When building on Python 2, make sure to strip the Python types in the source code using the following commands:

pip install strip-hints
python tensorflow_data_validation/tools/strip_type_hints.py tensorflow_data_validation/

3. Build the pip package

Then, run the following at the project root:

sudo docker-compose build manylinux2010
sudo docker-compose run -e PYTHON_VERSION=${PYTHON_VERSION} manylinux2010

where PYTHON_VERSION is one of {27, 35, 36, 37}.

A wheel will be produced under dist/.

4. Install the pip package

pip install dist/*.whl

Build from source

1. Prerequisites

To compile and use TFDV, you need to set up some prerequisites.

Install NumPy

If NumPy is not installed on your system, install it now by following these directions.

Install Bazel

If Bazel is not installed on your system, install it now by following these directions.

2. Clone the TFDV repository

git clone https://github.com/tensorflow/data-validation
cd data-validation

Note that these instructions will install the latest master branch of TensorFlow Data Validation. If you want to install a specific branch (such as a release branch), pass -b <branchname> to the git clone command.

When building on Python 2, make sure to strip the Python types in the source code using the following commands:

pip install strip-hints
python tensorflow_data_validation/tools/strip_type_hints.py tensorflow_data_validation/

3. Build the pip package

TFDV uses Bazel to build the pip package from source. Before invoking the following commands, make sure the python in your $PATH is the one of the target version and has NumPy installed.

bazel run -c opt --cxxopt=-D_GLIBCXX_USE_CXX11_ABI=0 tensorflow_data_validation:build_pip_package

Note that we are assuming here that dependent packages (e.g. PyArrow) are built with a GCC older than 5.1 and use the flag D_GLIBCXX_USE_CXX11_ABI=0 to be compatible with the old std::string ABI.

You can find the generated .whl file in the dist subdirectory.

4. Install the pip package

pip install dist/*.whl

Supported platforms

TFDV is tested on the following 64-bit operating systems:

  • macOS 10.12.6 (Sierra) or later.
  • Ubuntu 16.04 or later.
  • Windows 7 or later.

Dependencies

TFDV requires TensorFlow but does not depend on the tensorflow PyPI package. See the TensorFlow install guides for instructions on how to get started with TensorFlow.

Apache Beam is required; it's the way that efficient distributed computation is supported. By default, Apache Beam runs in local mode but can also run in distributed mode using Google Cloud Dataflow. TFDV is designed to be extensible for other Apache Beam runners.

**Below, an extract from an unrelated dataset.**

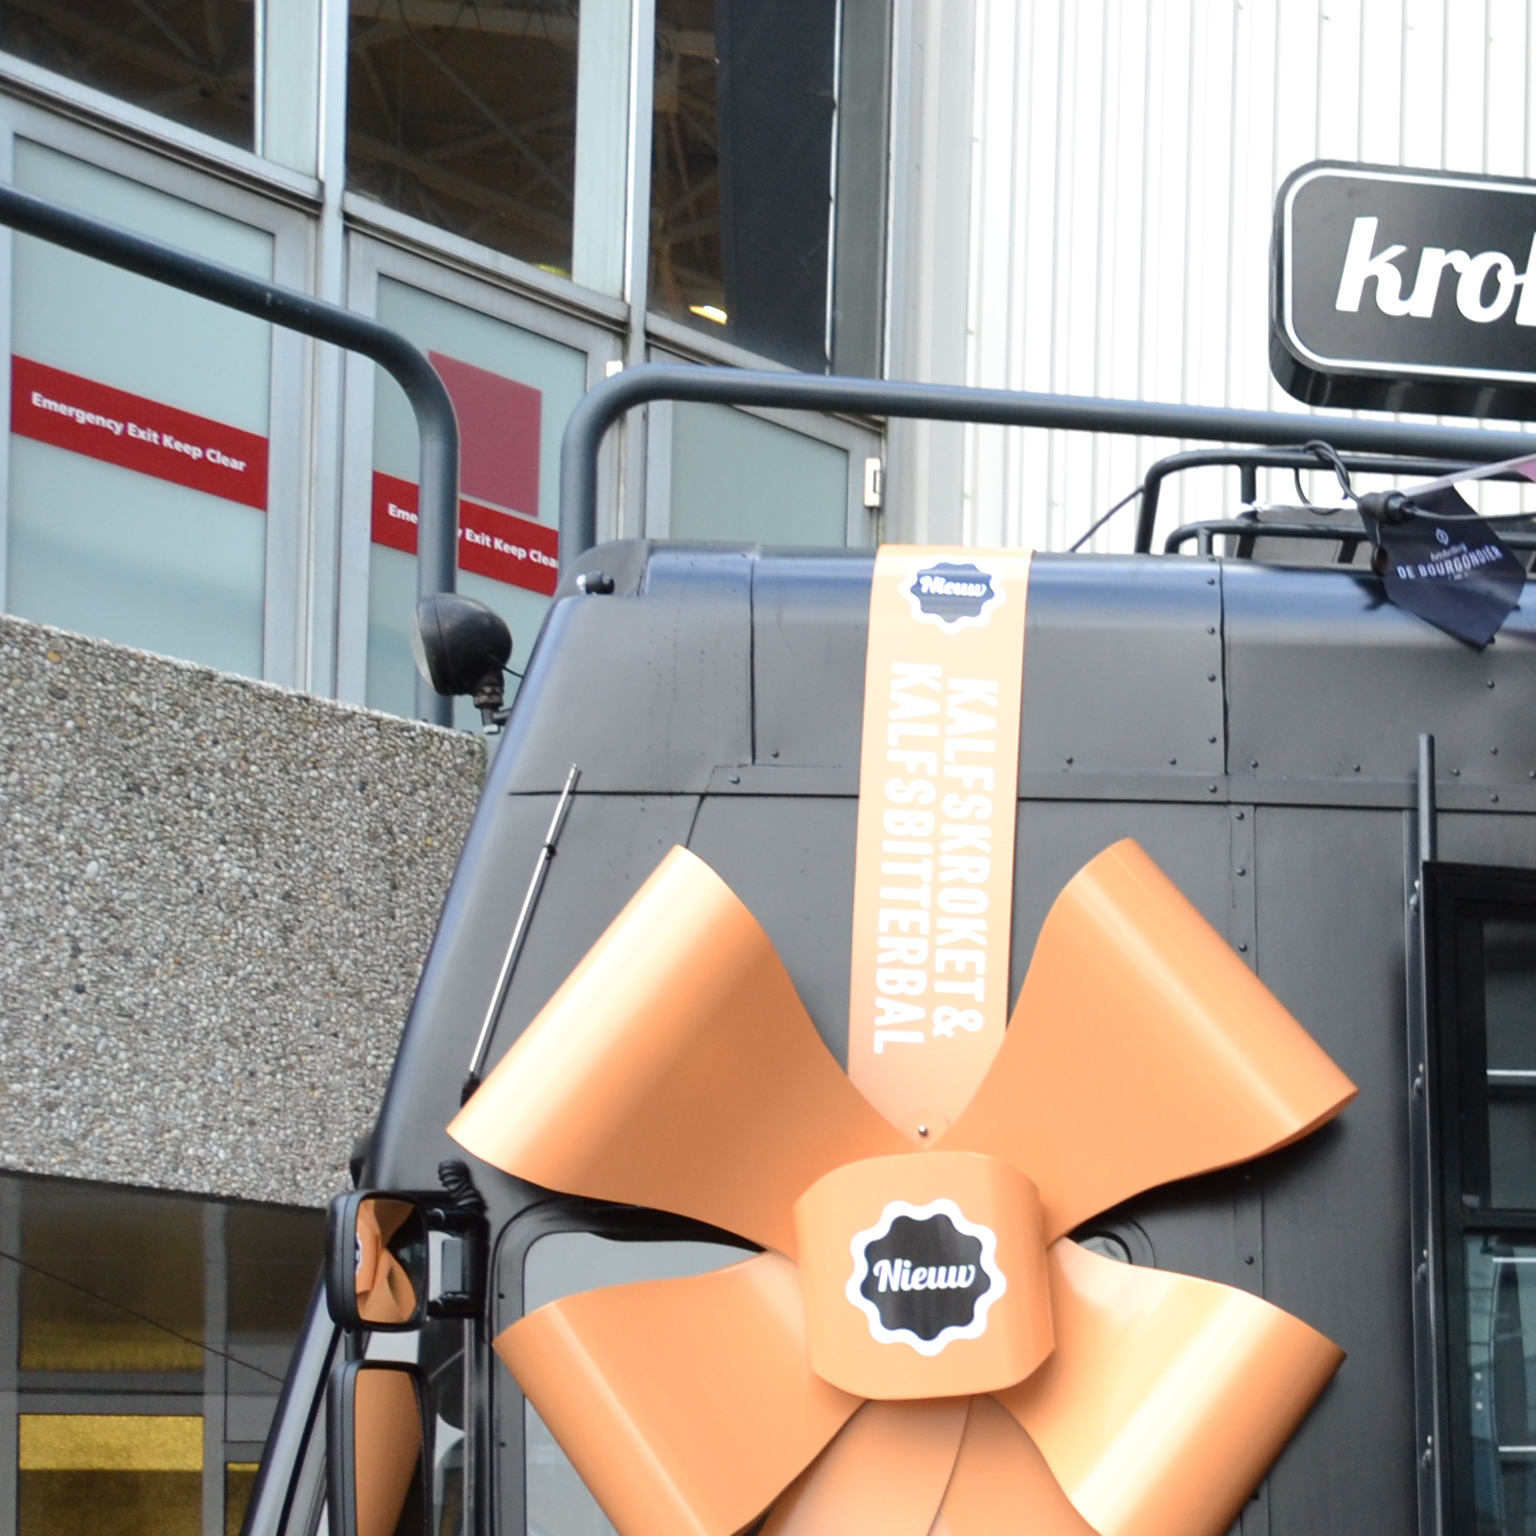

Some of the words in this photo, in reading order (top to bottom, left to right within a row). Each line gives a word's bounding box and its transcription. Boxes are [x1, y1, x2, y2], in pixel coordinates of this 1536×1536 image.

Apache Arrow is also required. TFDV uses Arrow to represent data internally in order to make use of vectorized numpy functions.

Compatible versions

The following table shows the package versions that are compatible with each other. This is determined by our testing framework, but other untested combinations may also work.

tensorflow-data-validation tensorflow apache-beam[gcp] pyarrow
GitHub master nightly (1.x/2.x) 2.16.0 0.14.0
0.15.0 1.15 / 2.0 2.16.0 0.14.0
0.14.1 1.14 2.14.0 0.14.0
0.14.0 1.14 2.14.0 0.14.0
0.13.1 1.13 2.11.0 n/a
0.13.0 1.13 2.11.0 n/a
0.12.0 1.12 2.10.0 n/a
0.11.0 1.11 2.8.0 n/a
0.9.0 1.9 2.6.0 n/a

Questions

Please direct any questions about working with TF Data Validation to Stack Overflow using the tensorflow-data-validation tag.

Links

Project details


Download files

Download the file for your platform. If you're not sure which to choose, learn more about installing packages.

Source Distributions

No source distribution files available for this release.See tutorial on generating distribution archives.

Built Distributions

tensorflow_data_validation-0.15.0-cp37-cp37m-manylinux2010_x86_64.whl (2.3 MB view details)

Uploaded CPython 3.7m manylinux: glibc 2.12+ x86-64

tensorflow_data_validation-0.15.0-cp37-cp37m-macosx_10_9_x86_64.whl (2.8 MB view details)

Uploaded CPython 3.7m macOS 10.9+ x86-64

tensorflow_data_validation-0.15.0-cp36-cp36m-win_amd64.whl (1.7 MB view details)

Uploaded CPython 3.6m Windows x86-64

tensorflow_data_validation-0.15.0-cp36-cp36m-manylinux2010_x86_64.whl (2.3 MB view details)

Uploaded CPython 3.6m manylinux: glibc 2.12+ x86-64

tensorflow_data_validation-0.15.0-cp36-cp36m-macosx_10_9_x86_64.whl (2.8 MB view details)

Uploaded CPython 3.6m macOS 10.9+ x86-64

tensorflow_data_validation-0.15.0-cp35-cp35m-win_amd64.whl (1.7 MB view details)

Uploaded CPython 3.5m Windows x86-64

tensorflow_data_validation-0.15.0-cp35-cp35m-manylinux2010_x86_64.whl (2.3 MB view details)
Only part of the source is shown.